Verfassungsbeschwerde als unzulässig verworfen nach Hinweisschreiben
KI-Zusammenfassung
Der Verfassungsgerichtshof NRW weist die Verfassungsbeschwerde als unzulässig zurück und verweist auf die im Hinweisschreiben vom 26. März 2024 genannten Gründe. Ein nachfolgendes Schreiben der Beschwerdeführer führt zu keiner abweichenden Entscheidung.
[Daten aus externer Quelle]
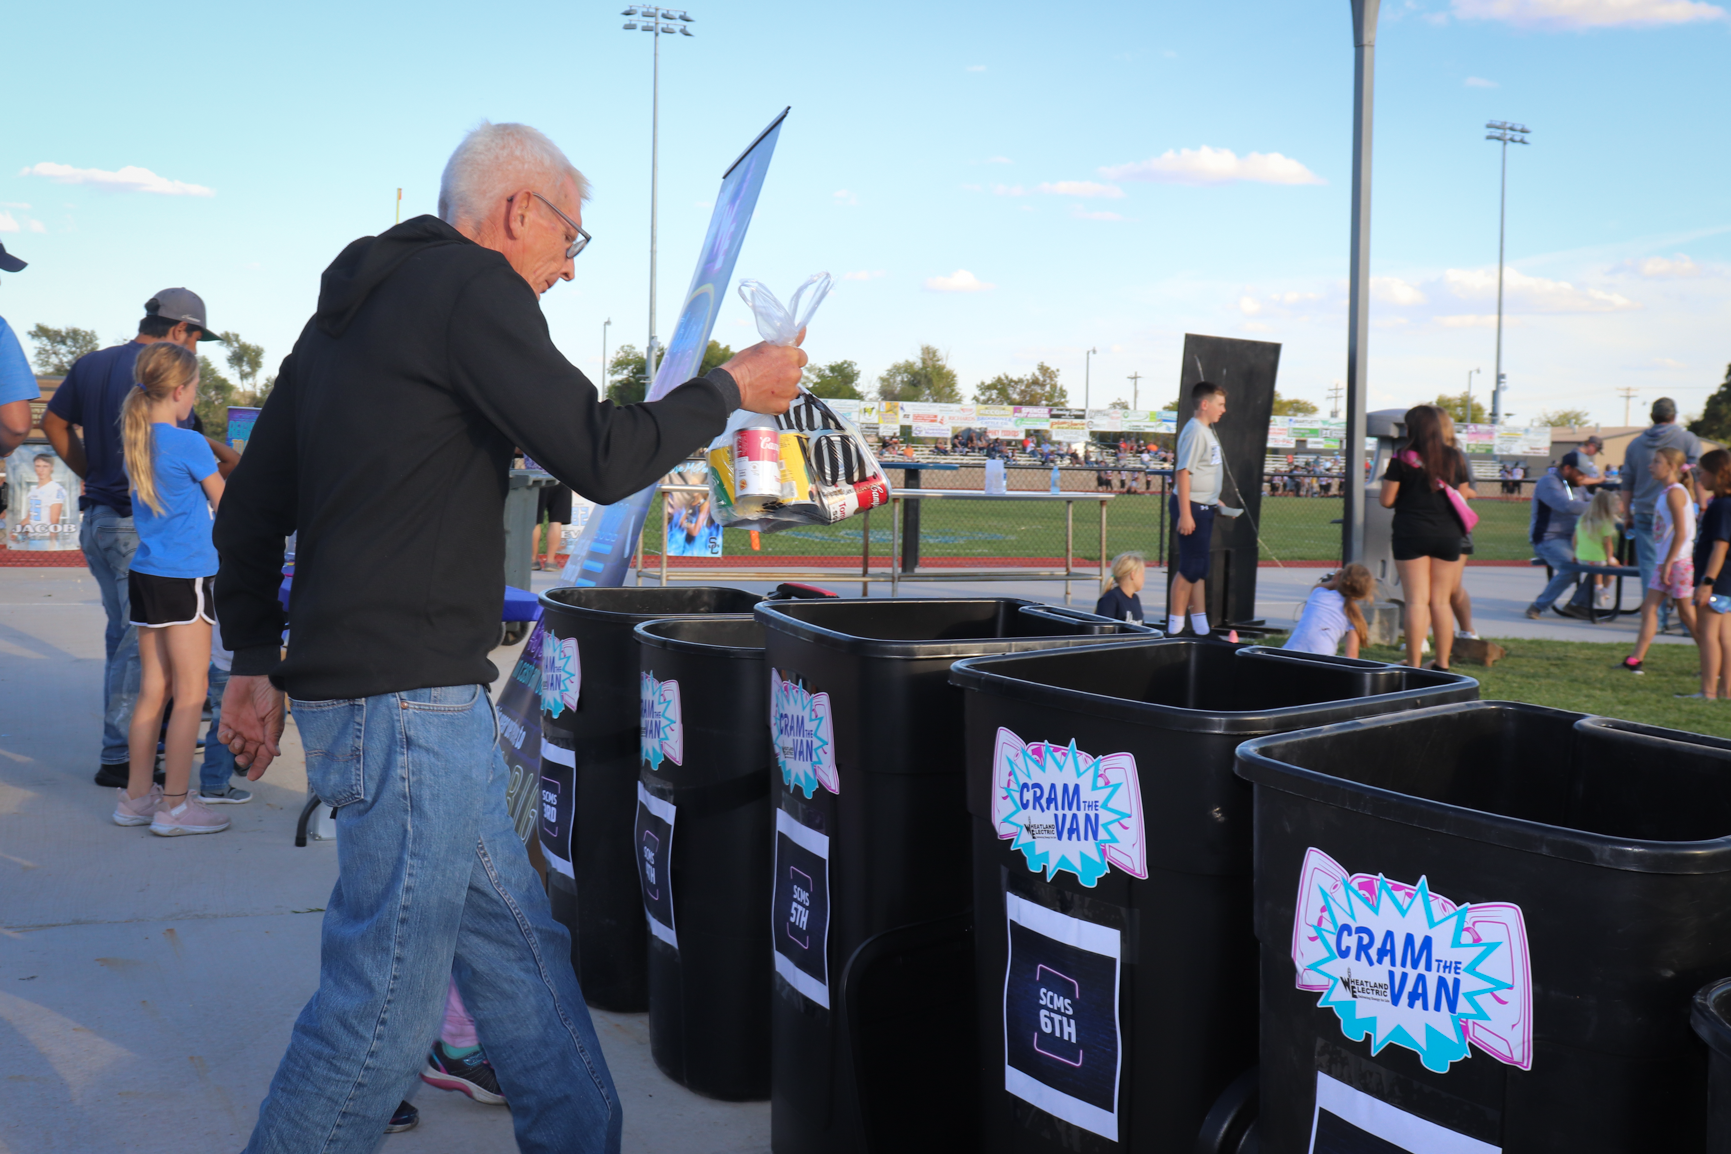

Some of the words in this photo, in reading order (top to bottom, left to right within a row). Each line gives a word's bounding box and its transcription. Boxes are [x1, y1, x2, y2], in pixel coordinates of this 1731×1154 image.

Der Beschluss beruft sich auf eine gleichlautende Vorentscheidung desselben Gerichts, sodass die Unzulässigkeit bestätigt wird.
Ausgang: Verfassungsbeschwerde als unzulässig verworfen; nachfolgendes Schreiben ändert die Entscheidung nicht
Abstrakte Rechtssätze
Eine Verfassungsbeschwerde kann bereits als unzulässig zurückgewiesen werden, wenn die im Hinweisschreiben bezeichneten Gründe die Zulässigkeitsvoraussetzungen nicht erfüllen.
Nachgereichte Schriftsätze ändern die Entscheidung nur, wenn sie neue, substantielle und entscheidungserhebliche Umstände darlegen; bloße Wiederholungen führen nicht zur Abkehr von der zunächst ergangenen Bewertung.
Vorherige Entscheidungen desselben Gerichts zu gleichlautenden Begehren können bei unverändertem Sachverhalt für die Beurteilung der Zulässigkeit herangezogen werden.
Der Beschlusscharakter einer Entscheidung bleibt erhalten, wenn die Verfahrensbeteiligten keine durchgreifenden neuen Einwendungen gegen die im Hinweisschreiben dargelegten Erwägungen vortragen.
Tenor
Die Verfassungsbeschwerde wird aus den im Hinweisschreiben vom 26. März 2024 genannten Gründen als unzulässig zurückgewiesen. Das nachfolgende Schreiben der Beschwerdeführer veranlasst keine davon abweichende Entscheidung (vgl. zum gleichen Begehren des Beschwerdeführers bereits VerfGH NRW, Beschluss vom 12. Juli 2022 – VerfGH 56/22.VB-2, juris, Rn. 3).